***** Exercise material

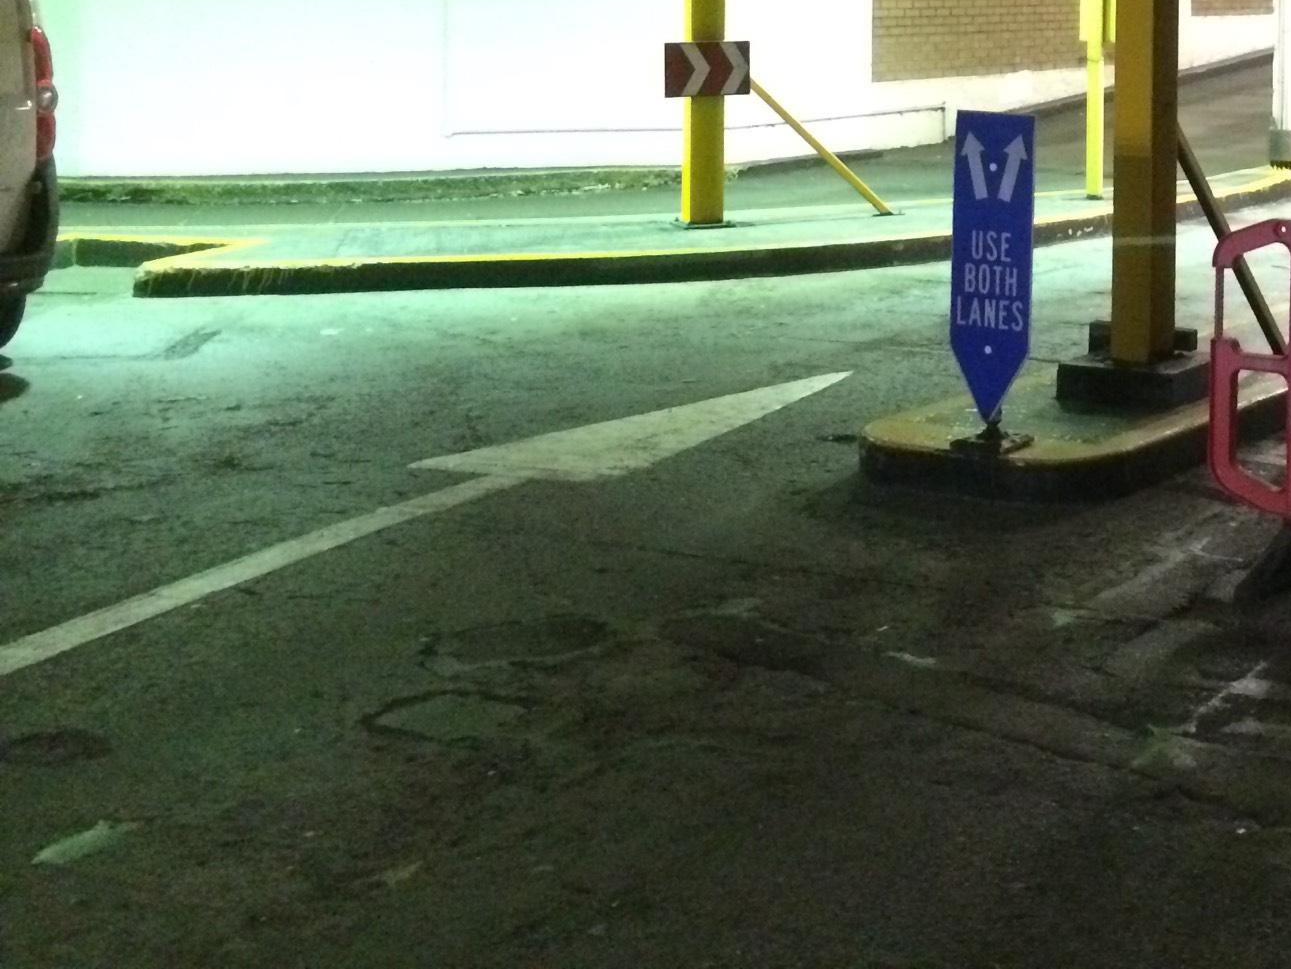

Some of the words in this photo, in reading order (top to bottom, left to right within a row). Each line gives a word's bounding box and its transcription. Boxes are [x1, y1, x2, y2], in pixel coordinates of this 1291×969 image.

[972, 230, 1012, 263] USE
[965, 263, 1018, 297] BOTH
[956, 296, 1023, 332] LANES
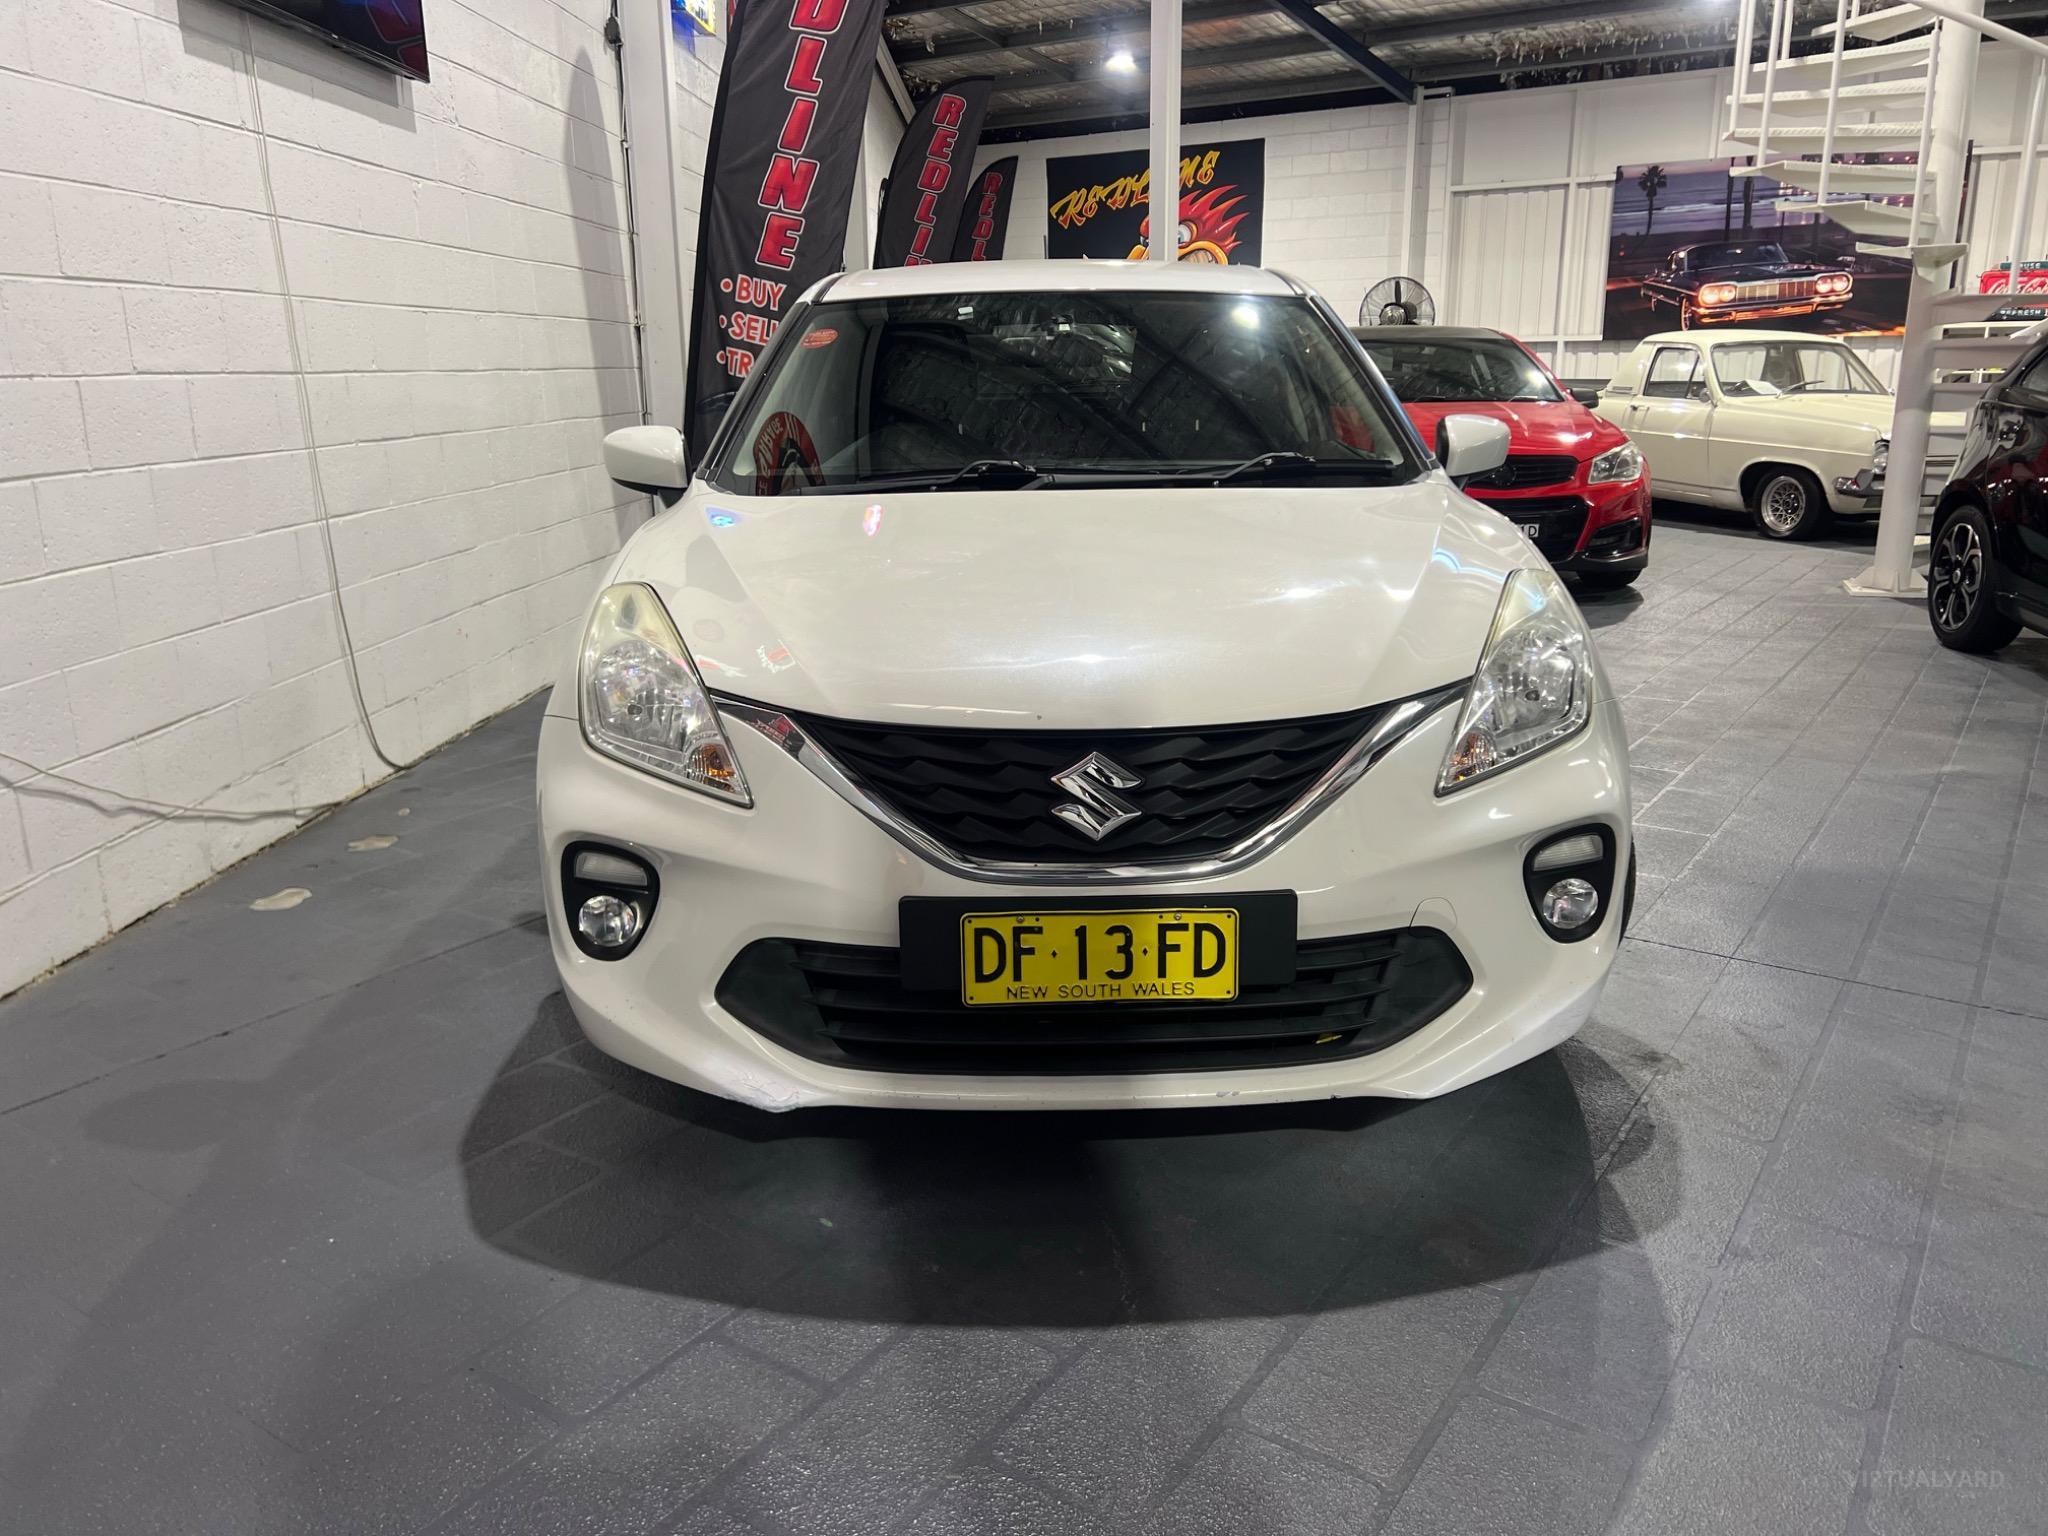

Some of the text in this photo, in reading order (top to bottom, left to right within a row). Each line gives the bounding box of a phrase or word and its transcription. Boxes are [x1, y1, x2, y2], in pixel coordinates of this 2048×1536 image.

[1050, 150, 1221, 229] REDLNE
[735, 274, 787, 311] BUY
[1074, 924, 1134, 981] 13
[1156, 922, 1227, 979] FD
[1006, 981, 1195, 999] NEW SOUTH WALES

**********

**What you have to do:**
Please print exactly the lines of the entries above, beginning with the line that contains "Some of the text" and ending with the last line.

**Result of this exercise:**
Some of the text in this photo, in reading order (top to bottom, left to right within a row). Each line gives the bounding box of a phrase or word and its transcription. Boxes are [x1, y1, x2, y2], in pixel coordinates of this 2048×1536 image.

[1050, 150, 1221, 229] REDLNE
[735, 274, 787, 311] BUY
[1074, 924, 1134, 981] 13
[1156, 922, 1227, 979] FD
[1006, 981, 1195, 999] NEW SOUTH WALES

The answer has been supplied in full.